Capitalist markets simply haven’t been able to go back to their relatively robust pre-2008 state, even after the Federal Reserve has pumped trillions of dollars into Wall Street throughout this downturn of the last twelve years. The Fed can introduce as much currency as it wants, but this currency is immaterial if capitalism lacks the productive capacity to translate the money into actual economic growth.


This process of economic shrinkage, of declining profit rates, is a terminal illness for the system. Our economic slump will last for years if not decades, and it will get even worse when the dollar crashes and the climate crisis accelerates. To maintain the wealth of the ruling class, and to stop the lower classes from rising up, fascism is the only thing to turn to. And in the 2020s, fascism will mean a series of reforms that focus not on expanding material comforts, but on unifying the reactionary facets of society around a militaristic nationalism while more intensely repressing the poor.


As George Dimitrov wrote in Against Fascism and War, patriotic symbols and a national mythos are how fascists have traditionally manufactured mass consent for the continuation of capitalism:


Mussolini does his utmost to make capital for himself out of the heroic figure of Garibaldi. The French fascists bring to the fore as their heroine Joan of Arc. The American fascists appeal to the traditions of the American War of Independence, the traditions of Washington and Lincoln. The Bulgarian fascists make use of the national-liberation movement of the seventies [1870s] and its heroes beloved by the people, Vassil Levsky, Stephan Karaj, and others.


The glorification of Americanism (and of the white race for those who embrace a more blatant form of fascism) is the default way that imperial chauvinists in this country justify the actions they take to uphold the violent structures of capitalism, colonialism, and imperialism. When faced with a crisis like the one of today, these agents of the capitalist reaction will use such grandiose language to propagandize the masses into accepting a stripping away of liberties. The use of unmarked federal agents and vehicles to arrest protesters, the frequent police violence against peaceful demonstrators, the trumped-up police charges against one group of communist activists, and the other escalations of repression from this year indicate how the state plans to wage war on dissent.

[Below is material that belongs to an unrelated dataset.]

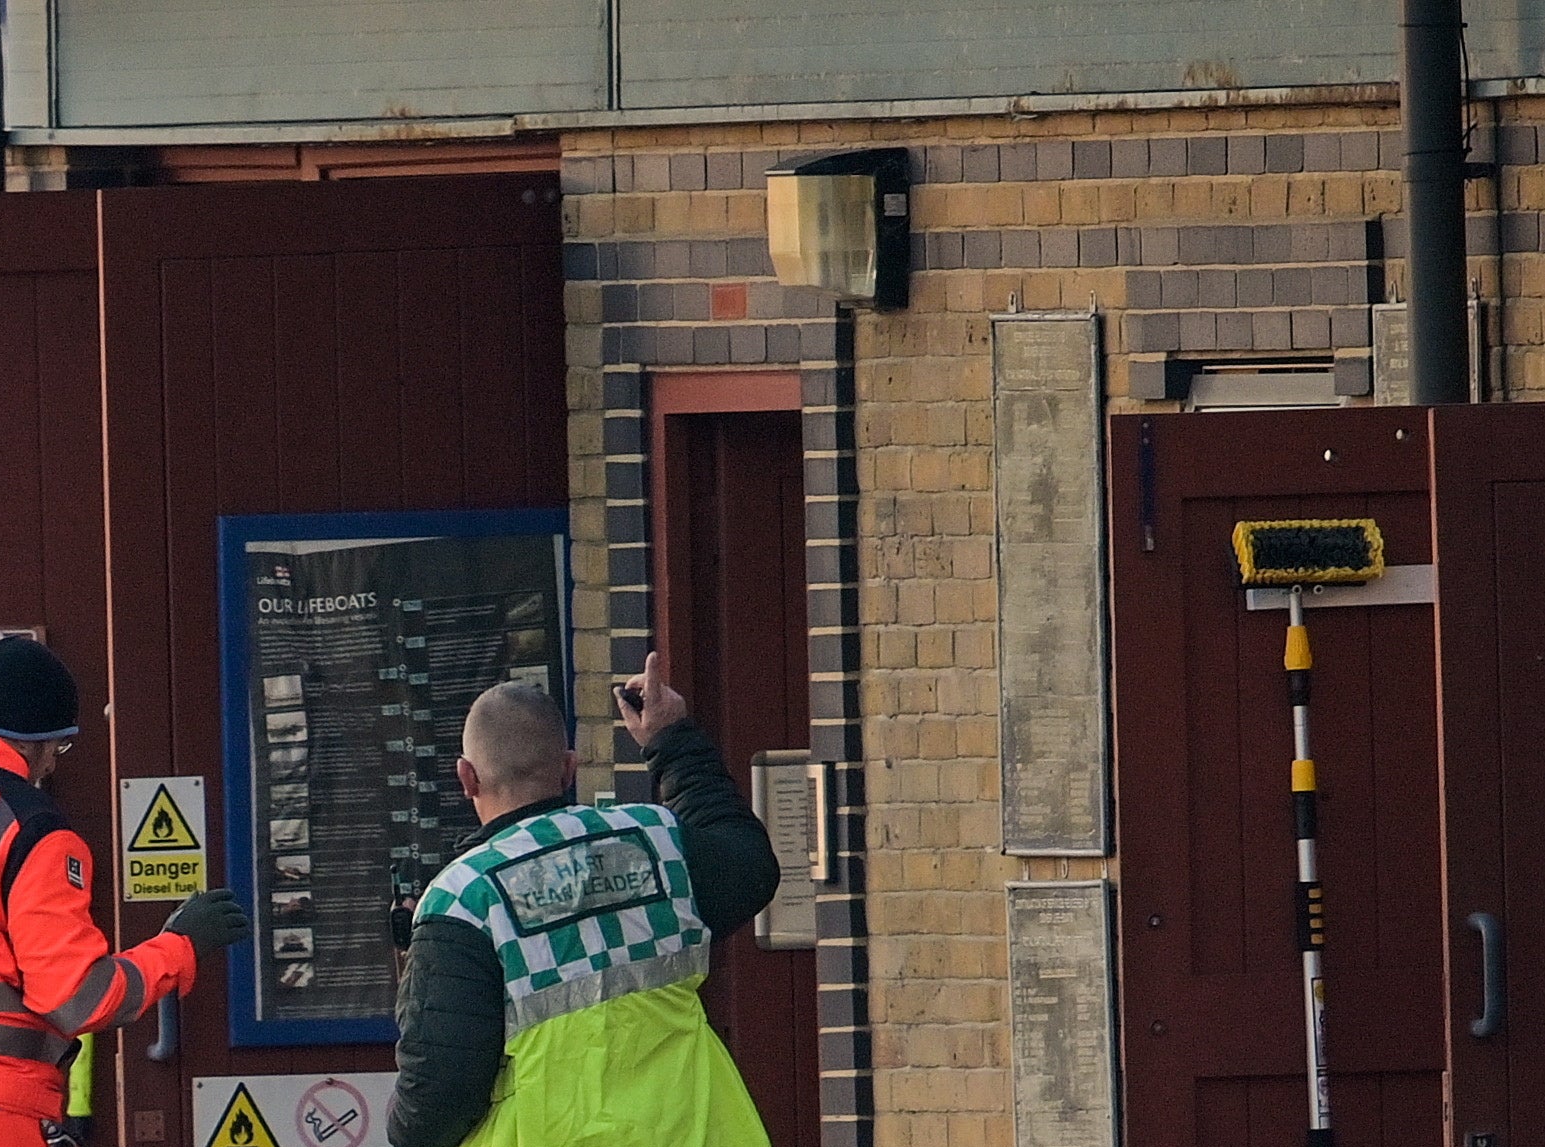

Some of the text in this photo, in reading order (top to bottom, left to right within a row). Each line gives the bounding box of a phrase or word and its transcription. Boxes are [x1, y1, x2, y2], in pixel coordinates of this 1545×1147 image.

[258, 598, 293, 614] OUR
[130, 860, 200, 879] Danger
[554, 854, 604, 879] HART
[133, 882, 198, 895] Diesel fuel
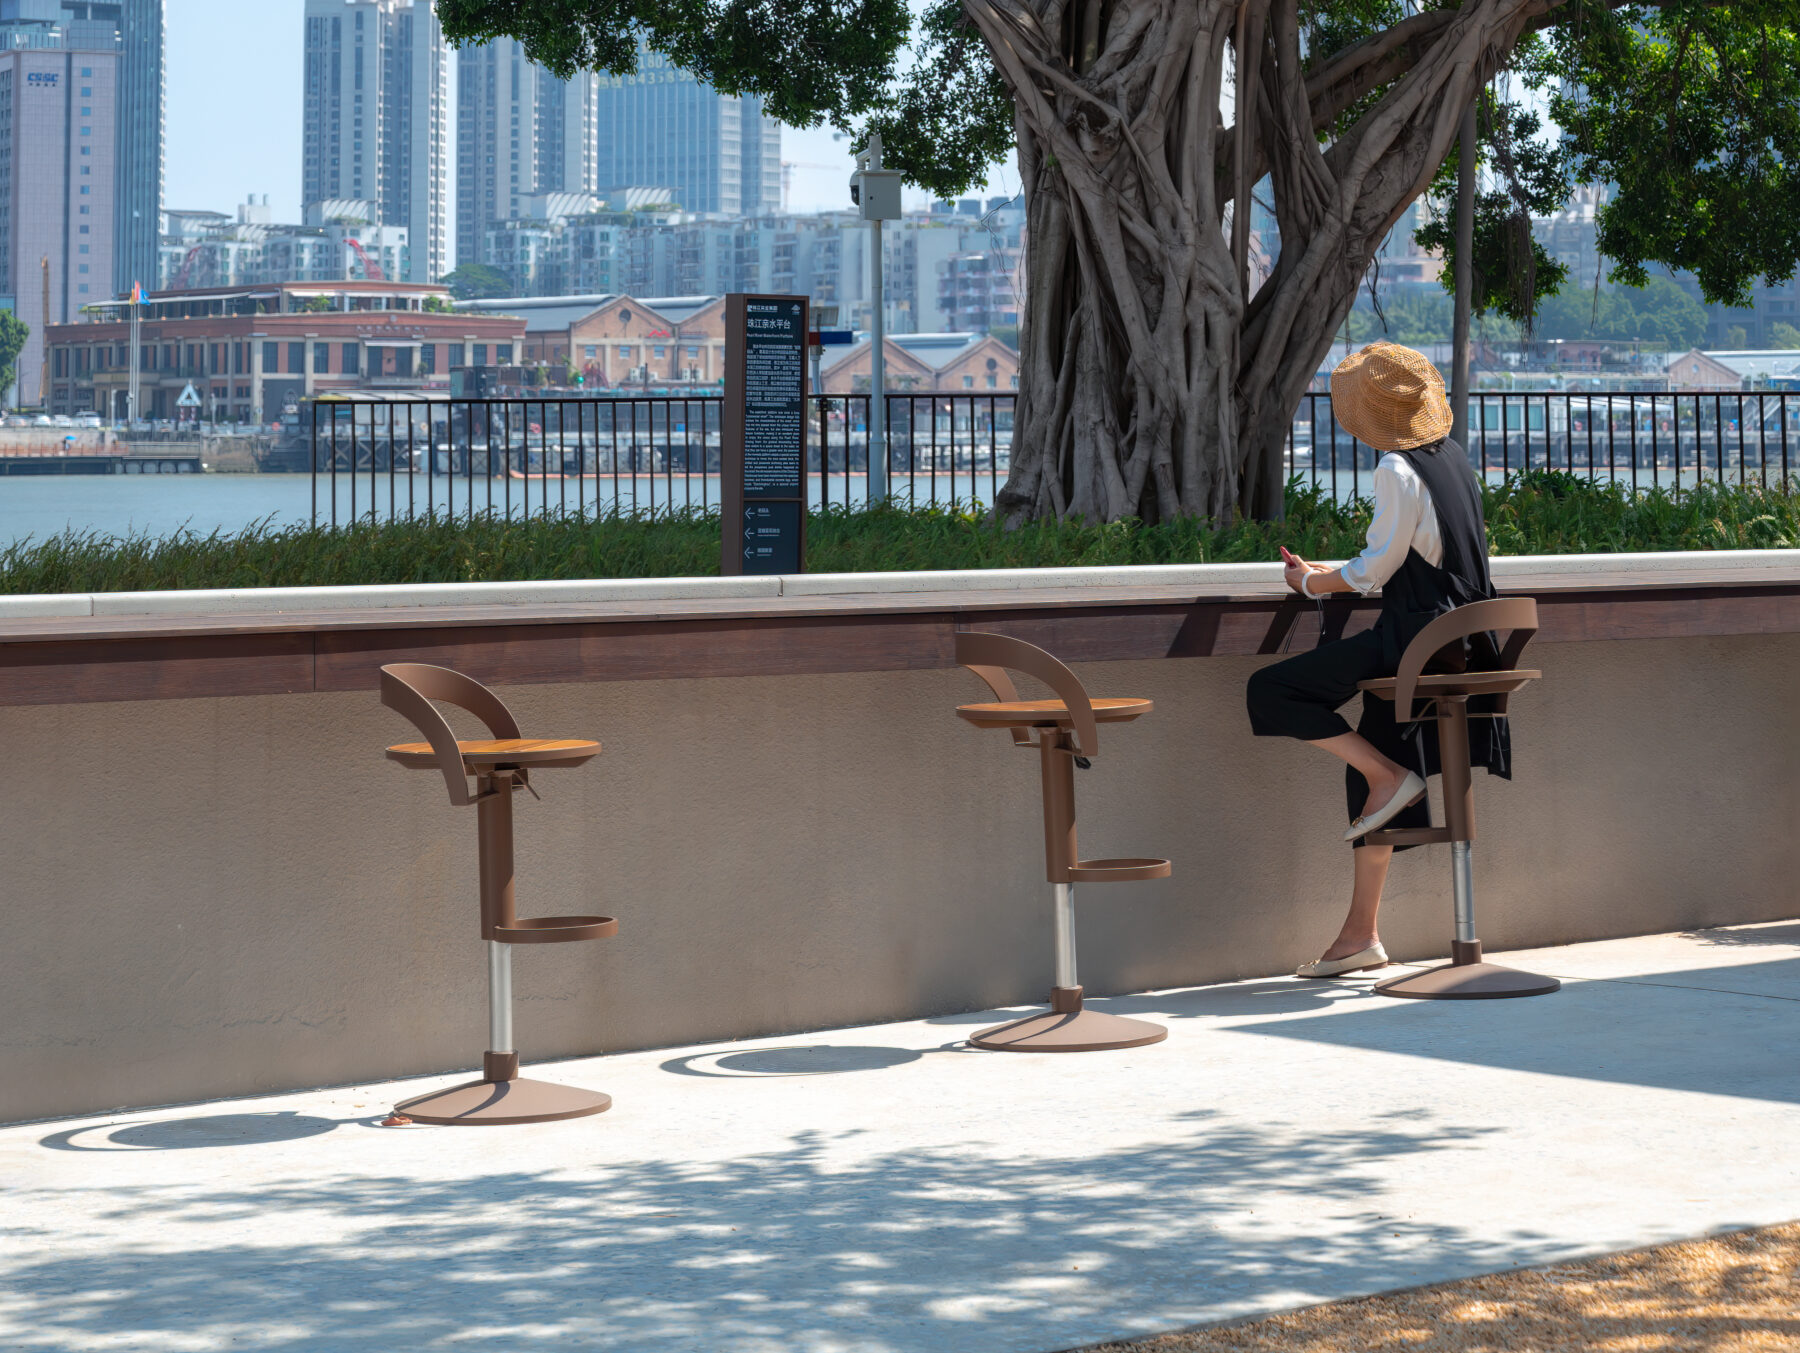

This war will come along with continued efforts to partition the lower classes from the upper classes. To have the rich and the labor aristocracy carry out the functions of the capitalist state, while relegating the poor to heavily policed communities with deteriorating living conditions. To sustain profits for the very few who still benefit from the system, exploitation of workers will be increased through reduced labor benefits, while the remaining social services will be further stripped away.


The policing, surveillance, and military tools that are used to enforce this order will be technologically upgraded, with the high-tech sector profiting from this in a process that’s already being marketed as the “fourth industrial revolution.” This will be the near future if our society doesn’t fundamentally change, if the system once is again allowed to reform itself.


The job of us revolutionaries, wrote Dimitrov, is to build a movement for overthrowing the capitalist state by working to shatter capitalism’s ideological hegemony:


Under no circumstances must we underrate fascism’s power of ideological infection. On the contrary, we for our part must develop an extensive ideological struggle based on clear, popular arguments and a correct, well thought out approach to the peculiarities of the national psychology of the masses of the people.